Inhibition of cyclin-dependent kinase 2 by the Chk1-Cdc25A pathway during the S-phase checkpoint activated by fludarabine: dysregulation by 7-hydroxystaurosporine.

Abstract

Human myeloid leukemia ML-1 cells responded to cytostatic concentrations of fludarabine nucleoside (F-ara-A) by instituting an arrest in S-phase that involved the inhibition of cyclin-dependent kinase 2 (Cdk2). This seemed to be mediated by 1) persistent phosphorylation on the Tyr(15) residue of Cdk2 and 2) an increased association of Cdk2 with p21. S-phase arrest was also associated with an increase in Chk1 kinase activity. Concomitantly, the activity of Cdc25A phosphatase was decreased. Immunoprecipitation studies demonstrated complexes of Cdk2, Cdc25A, and Chk1. The addition of the Chk1 kinase inhibitor 7-hydroxystaurosporine (UCN-01) to F-ara-A-arrested S-phase cells resulted in a rapid decrease in the fraction of cells with an S-phase DNA content and a corresponding increase in the fraction of apoptotic cells. Under these conditions, the kinase activity of Chk1 was reduced, Cdc25A phosphatase activity was increased, the level of Tyr(15) phosphorylation of Cdk2 was reduced, and the kinase activity associated with immunoprecipitates of Cdk2 and cyclin A was reactivated.
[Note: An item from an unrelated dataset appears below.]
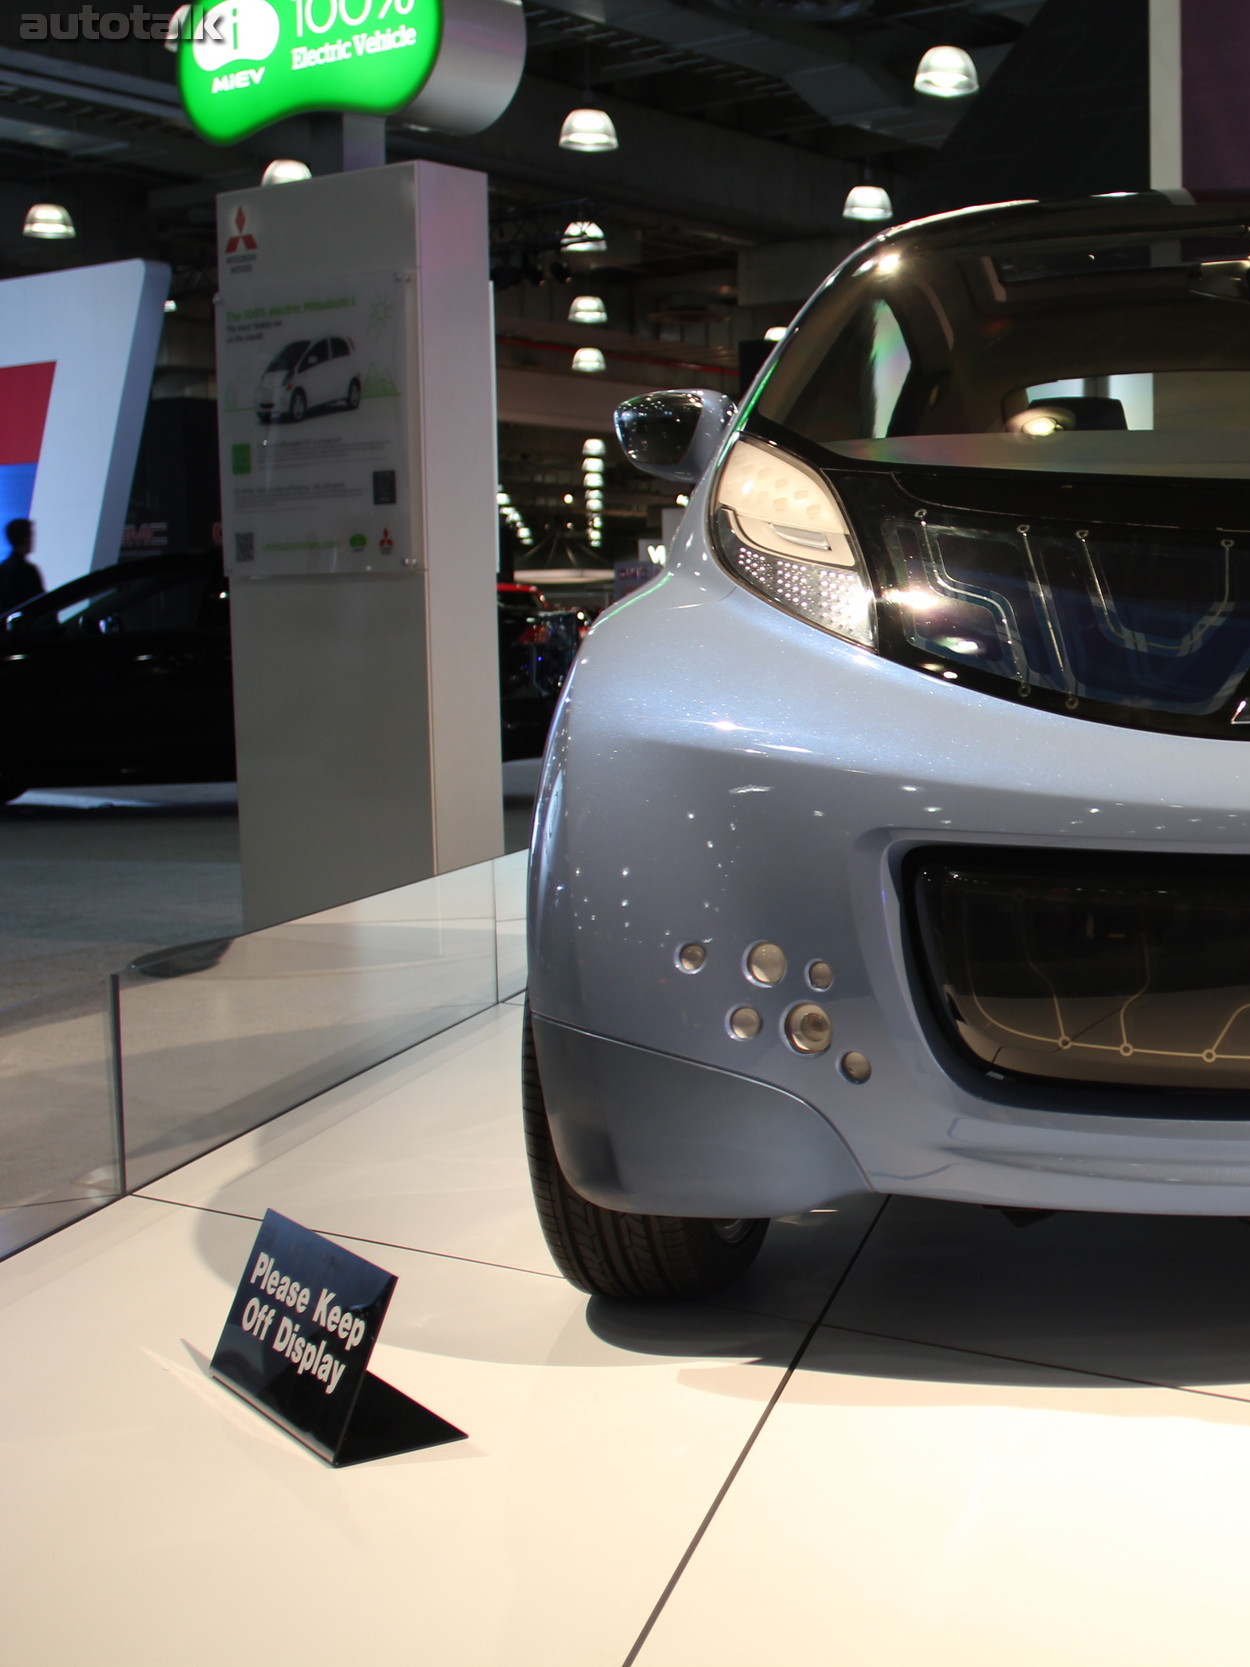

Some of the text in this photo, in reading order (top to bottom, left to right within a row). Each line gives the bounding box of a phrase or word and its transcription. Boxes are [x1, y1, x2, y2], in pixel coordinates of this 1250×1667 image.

UCN-01 also had no effect on the association of p21 with Cdk2. Lastly, cells incubated with UCN-01 before F-ara-A addition did not arrest in S-phase. Thus, the DNA damage induced by F-ara-A initiated a hierarchical regulatory cascade through Chk1 and Cdc25A that resulted in Cdk2 inhibition, affecting an S-phase checkpoint that was dysregulated by UCN-01. These results suggest a mechanism by which UCN-01 enhances the cytotoxicity of agents that cause an S-phase arrest.